Assigned task
Retype the data in its entirety, with no word changed.

Given records
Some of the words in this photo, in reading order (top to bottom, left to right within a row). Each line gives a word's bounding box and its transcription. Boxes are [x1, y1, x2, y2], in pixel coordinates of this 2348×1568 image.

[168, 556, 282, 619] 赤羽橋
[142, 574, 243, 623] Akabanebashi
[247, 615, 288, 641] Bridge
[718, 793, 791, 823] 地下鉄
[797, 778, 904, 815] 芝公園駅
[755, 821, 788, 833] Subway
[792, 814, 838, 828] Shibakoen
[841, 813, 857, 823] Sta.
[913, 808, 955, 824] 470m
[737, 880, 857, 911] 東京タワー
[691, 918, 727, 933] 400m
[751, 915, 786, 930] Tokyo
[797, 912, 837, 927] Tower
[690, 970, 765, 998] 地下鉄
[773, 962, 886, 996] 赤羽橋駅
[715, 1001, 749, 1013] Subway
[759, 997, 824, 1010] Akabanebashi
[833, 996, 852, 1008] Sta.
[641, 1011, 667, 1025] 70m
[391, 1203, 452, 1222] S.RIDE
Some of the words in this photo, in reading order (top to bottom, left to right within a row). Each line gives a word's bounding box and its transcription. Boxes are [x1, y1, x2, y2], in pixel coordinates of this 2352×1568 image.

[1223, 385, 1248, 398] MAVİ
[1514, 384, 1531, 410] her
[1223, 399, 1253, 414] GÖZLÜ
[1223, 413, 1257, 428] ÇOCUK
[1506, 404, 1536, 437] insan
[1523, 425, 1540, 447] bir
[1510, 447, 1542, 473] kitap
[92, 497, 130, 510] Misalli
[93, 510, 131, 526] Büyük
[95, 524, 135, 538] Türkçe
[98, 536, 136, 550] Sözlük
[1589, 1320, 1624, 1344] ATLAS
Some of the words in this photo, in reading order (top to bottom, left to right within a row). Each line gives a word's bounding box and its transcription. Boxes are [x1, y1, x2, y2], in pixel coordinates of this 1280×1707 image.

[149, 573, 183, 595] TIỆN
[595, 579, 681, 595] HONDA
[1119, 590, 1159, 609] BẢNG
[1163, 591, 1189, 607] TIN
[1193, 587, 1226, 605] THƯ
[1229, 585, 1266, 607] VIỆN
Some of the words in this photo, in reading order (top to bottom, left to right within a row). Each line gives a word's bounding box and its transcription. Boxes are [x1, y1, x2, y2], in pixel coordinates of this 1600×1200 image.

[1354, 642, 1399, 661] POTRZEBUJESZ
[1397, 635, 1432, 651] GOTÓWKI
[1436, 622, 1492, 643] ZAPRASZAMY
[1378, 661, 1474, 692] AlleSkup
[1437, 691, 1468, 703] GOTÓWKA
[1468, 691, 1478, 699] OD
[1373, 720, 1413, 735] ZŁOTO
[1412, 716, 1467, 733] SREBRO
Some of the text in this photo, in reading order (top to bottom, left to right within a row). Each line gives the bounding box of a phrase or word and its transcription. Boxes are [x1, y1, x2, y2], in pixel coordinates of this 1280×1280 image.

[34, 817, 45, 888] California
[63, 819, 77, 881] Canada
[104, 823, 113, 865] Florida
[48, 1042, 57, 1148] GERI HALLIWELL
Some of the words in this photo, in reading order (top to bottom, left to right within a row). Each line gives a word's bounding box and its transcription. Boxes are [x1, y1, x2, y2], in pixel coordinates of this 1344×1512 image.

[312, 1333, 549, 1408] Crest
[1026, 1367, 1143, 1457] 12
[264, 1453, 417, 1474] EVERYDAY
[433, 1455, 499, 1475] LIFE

Output for this task
Some of the words in this photo, in reading order (top to bottom, left to right within a row). Each line gives a word's bounding box and its transcription. Boxes are [x1, y1, x2, y2], in pixel coordinates of this 2348×1568 image.

[168, 556, 282, 619] 赤羽橋
[142, 574, 243, 623] Akabanebashi
[247, 615, 288, 641] Bridge
[718, 793, 791, 823] 地下鉄
[797, 778, 904, 815] 芝公園駅
[755, 821, 788, 833] Subway
[792, 814, 838, 828] Shibakoen
[841, 813, 857, 823] Sta.
[913, 808, 955, 824] 470m
[737, 880, 857, 911] 東京タワー
[691, 918, 727, 933] 400m
[751, 915, 786, 930] Tokyo
[797, 912, 837, 927] Tower
[690, 970, 765, 998] 地下鉄
[773, 962, 886, 996] 赤羽橋駅
[715, 1001, 749, 1013] Subway
[759, 997, 824, 1010] Akabanebashi
[833, 996, 852, 1008] Sta.
[641, 1011, 667, 1025] 70m
[391, 1203, 452, 1222] S.RIDE
Some of the words in this photo, in reading order (top to bottom, left to right within a row). Each line gives a word's bounding box and its transcription. Boxes are [x1, y1, x2, y2], in pixel coordinates of this 2352×1568 image.

[1223, 385, 1248, 398] MAVİ
[1514, 384, 1531, 410] her
[1223, 399, 1253, 414] GÖZLÜ
[1223, 413, 1257, 428] ÇOCUK
[1506, 404, 1536, 437] insan
[1523, 425, 1540, 447] bir
[1510, 447, 1542, 473] kitap
[92, 497, 130, 510] Misalli
[93, 510, 131, 526] Büyük
[95, 524, 135, 538] Türkçe
[98, 536, 136, 550] Sözlük
[1589, 1320, 1624, 1344] ATLAS
Some of the words in this photo, in reading order (top to bottom, left to right within a row). Each line gives a word's bounding box and its transcription. Boxes are [x1, y1, x2, y2], in pixel coordinates of this 1280×1707 image.

[149, 573, 183, 595] TIỆN
[595, 579, 681, 595] HONDA
[1119, 590, 1159, 609] BẢNG
[1163, 591, 1189, 607] TIN
[1193, 587, 1226, 605] THƯ
[1229, 585, 1266, 607] VIỆN
Some of the words in this photo, in reading order (top to bottom, left to right within a row). Each line gives a word's bounding box and its transcription. Boxes are [x1, y1, x2, y2], in pixel coordinates of this 1600×1200 image.

[1354, 642, 1399, 661] POTRZEBUJESZ
[1397, 635, 1432, 651] GOTÓWKI
[1436, 622, 1492, 643] ZAPRASZAMY
[1378, 661, 1474, 692] AlleSkup
[1437, 691, 1468, 703] GOTÓWKA
[1468, 691, 1478, 699] OD
[1373, 720, 1413, 735] ZŁOTO
[1412, 716, 1467, 733] SREBRO
Some of the text in this photo, in reading order (top to bottom, left to right within a row). Each line gives the bounding box of a phrase or word and its transcription. Boxes are [x1, y1, x2, y2], in pixel coordinates of this 1280×1280 image.

[34, 817, 45, 888] California
[63, 819, 77, 881] Canada
[104, 823, 113, 865] Florida
[48, 1042, 57, 1148] GERI HALLIWELL
Some of the words in this photo, in reading order (top to bottom, left to right within a row). Each line gives a word's bounding box and its transcription. Boxes are [x1, y1, x2, y2], in pixel coordinates of this 1344×1512 image.

[312, 1333, 549, 1408] Crest
[1026, 1367, 1143, 1457] 12
[264, 1453, 417, 1474] EVERYDAY
[433, 1455, 499, 1475] LIFE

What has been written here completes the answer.